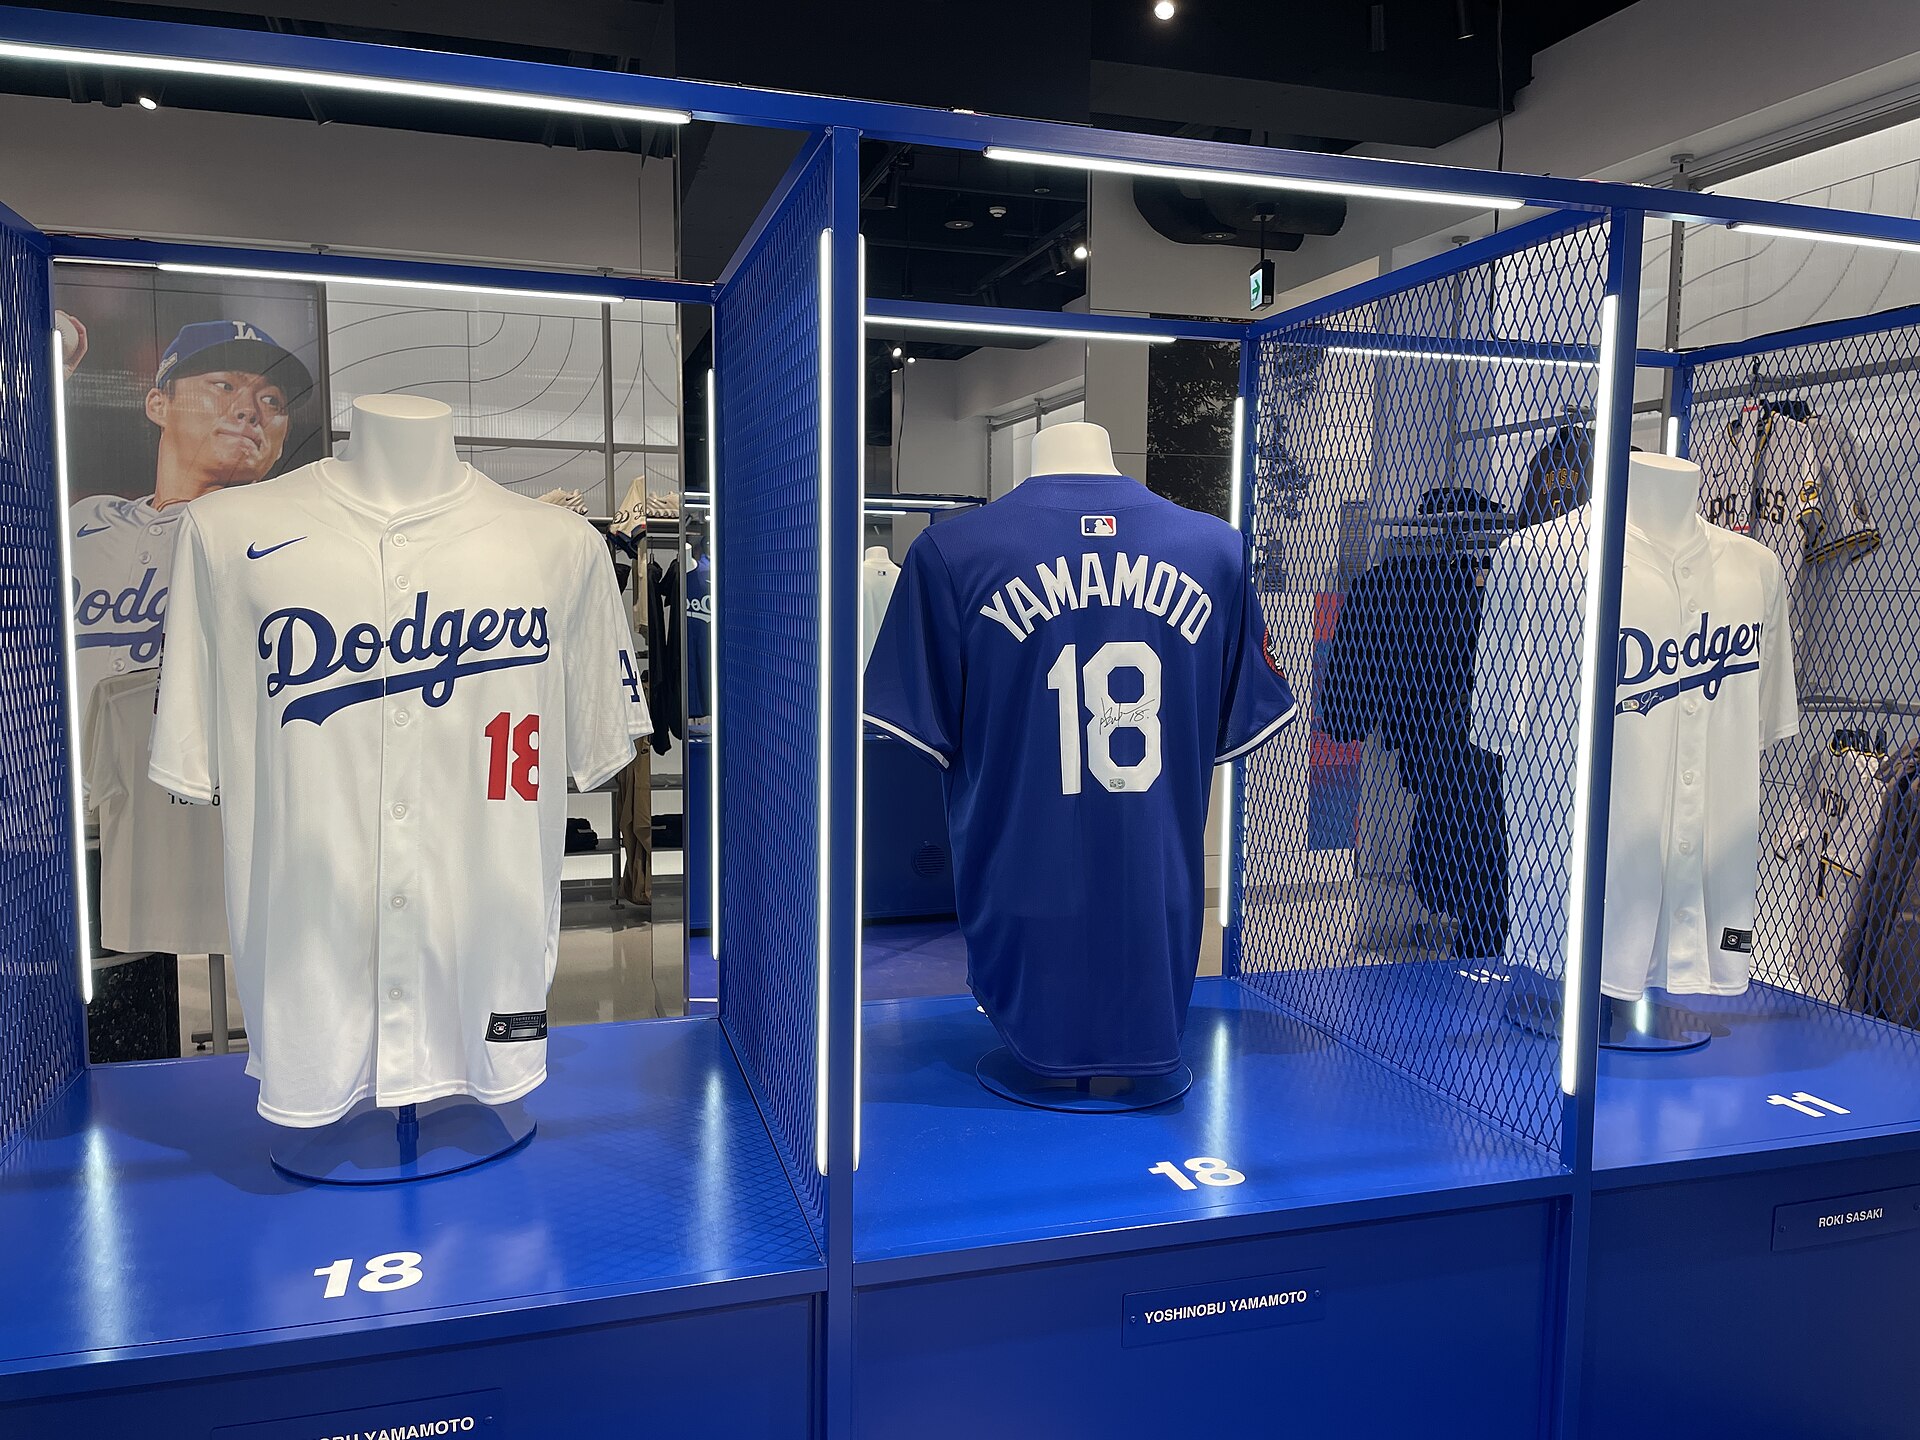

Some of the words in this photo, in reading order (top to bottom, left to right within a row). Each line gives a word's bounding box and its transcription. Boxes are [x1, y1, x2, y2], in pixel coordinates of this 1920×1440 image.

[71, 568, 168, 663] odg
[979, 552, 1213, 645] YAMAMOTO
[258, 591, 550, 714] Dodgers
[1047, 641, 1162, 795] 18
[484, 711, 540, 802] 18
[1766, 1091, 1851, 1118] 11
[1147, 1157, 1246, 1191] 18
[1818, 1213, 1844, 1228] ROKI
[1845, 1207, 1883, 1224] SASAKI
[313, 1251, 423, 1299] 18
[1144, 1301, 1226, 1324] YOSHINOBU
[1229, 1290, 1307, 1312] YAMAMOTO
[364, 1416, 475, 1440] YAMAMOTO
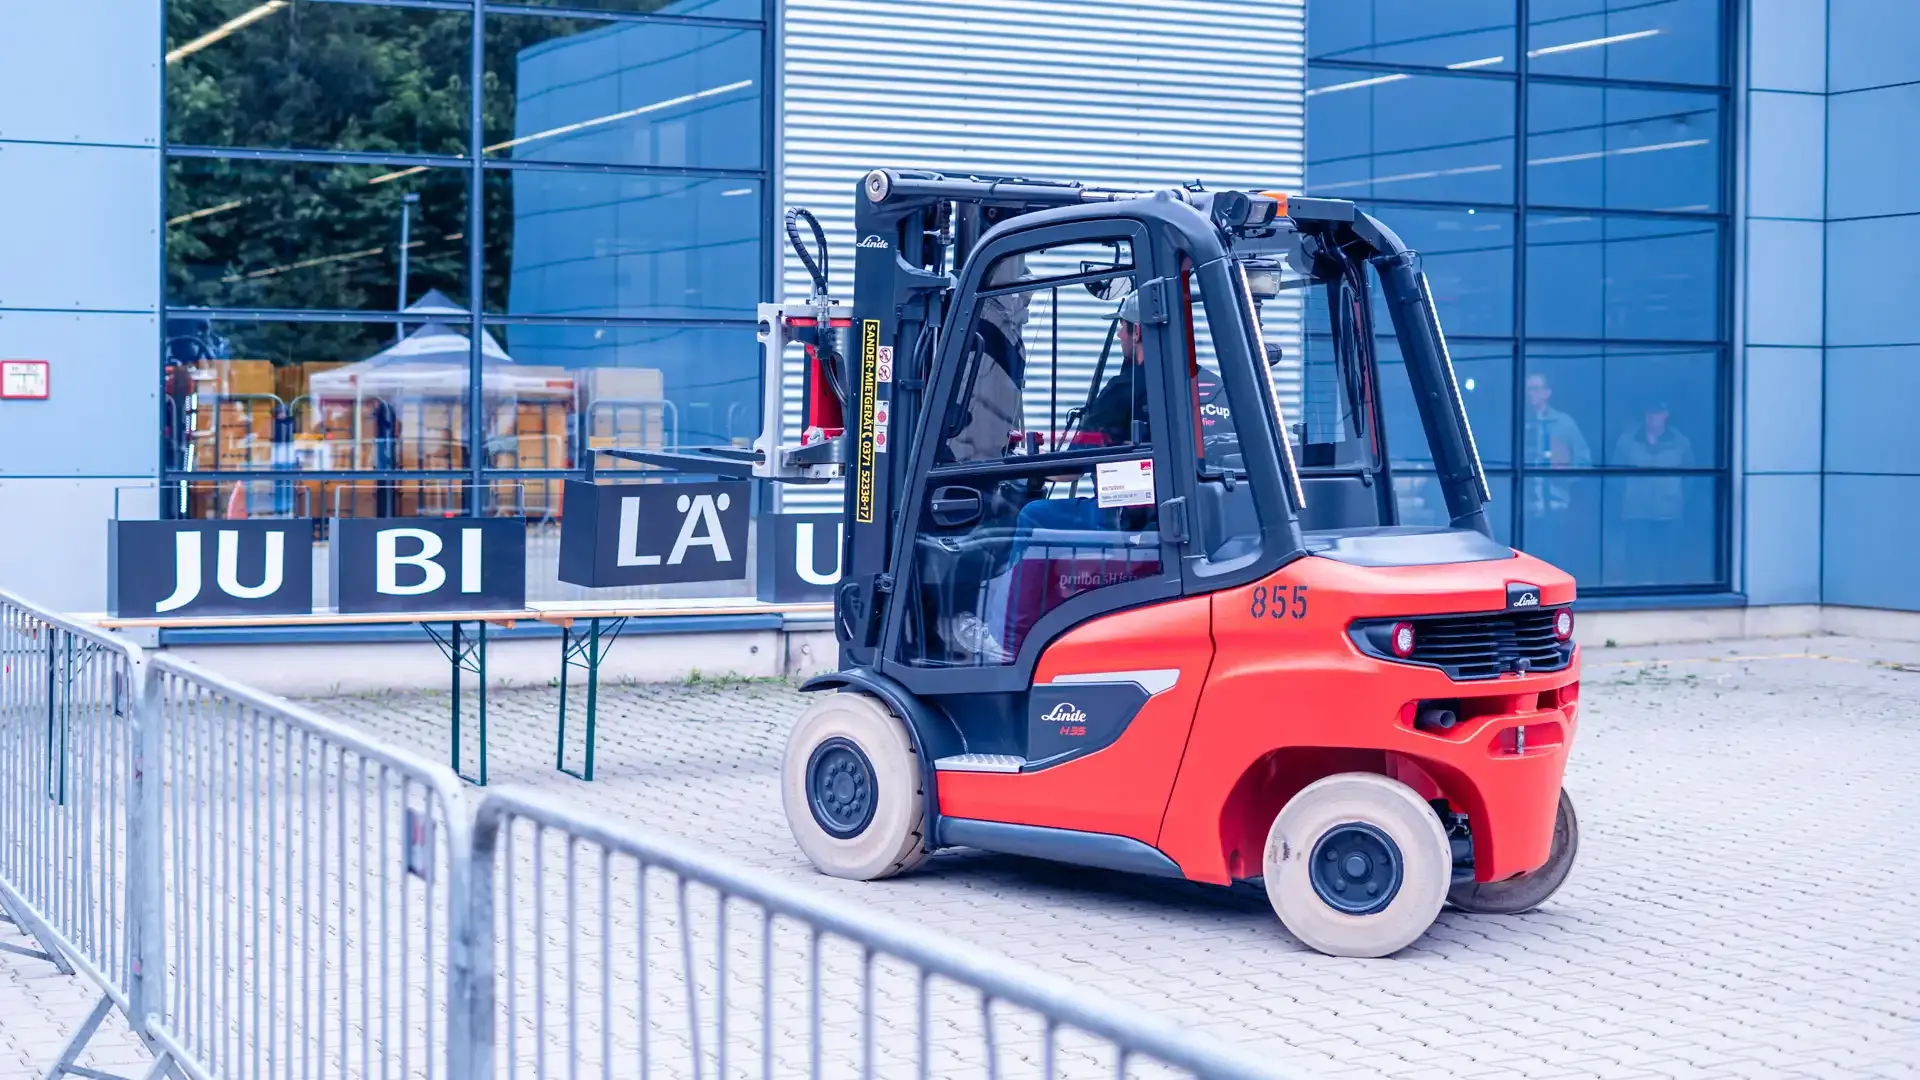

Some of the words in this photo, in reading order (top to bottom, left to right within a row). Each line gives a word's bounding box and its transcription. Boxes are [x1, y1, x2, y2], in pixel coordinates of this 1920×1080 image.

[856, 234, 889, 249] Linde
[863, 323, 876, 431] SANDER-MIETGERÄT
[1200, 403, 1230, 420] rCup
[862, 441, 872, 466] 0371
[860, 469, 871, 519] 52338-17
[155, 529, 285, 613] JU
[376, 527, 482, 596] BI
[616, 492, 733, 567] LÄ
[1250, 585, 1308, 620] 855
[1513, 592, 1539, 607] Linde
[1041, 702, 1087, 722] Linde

**TASK REQUIREMENTS:**
Please output all of the entries above exactly, but without any picture.

**ANSWER FOR THE TASK:**
Some of the words in this photo, in reading order (top to bottom, left to right within a row). Each line gives a word's bounding box and its transcription. Boxes are [x1, y1, x2, y2], in pixel coordinates of this 1920×1440 image.

[71, 568, 168, 663] odg
[979, 552, 1213, 645] YAMAMOTO
[258, 591, 550, 714] Dodgers
[1047, 641, 1162, 795] 18
[484, 711, 540, 802] 18
[1766, 1091, 1851, 1118] 11
[1147, 1157, 1246, 1191] 18
[1818, 1213, 1844, 1228] ROKI
[1845, 1207, 1883, 1224] SASAKI
[313, 1251, 423, 1299] 18
[1144, 1301, 1226, 1324] YOSHINOBU
[1229, 1290, 1307, 1312] YAMAMOTO
[364, 1416, 475, 1440] YAMAMOTO

Some of the words in this photo, in reading order (top to bottom, left to right within a row). Each line gives a word's bounding box and its transcription. Boxes are [x1, y1, x2, y2], in pixel coordinates of this 1920×1080 image.

[856, 234, 889, 249] Linde
[863, 323, 876, 431] SANDER-MIETGERÄT
[1200, 403, 1230, 420] rCup
[862, 441, 872, 466] 0371
[860, 469, 871, 519] 52338-17
[155, 529, 285, 613] JU
[376, 527, 482, 596] BI
[616, 492, 733, 567] LÄ
[1250, 585, 1308, 620] 855
[1513, 592, 1539, 607] Linde
[1041, 702, 1087, 722] Linde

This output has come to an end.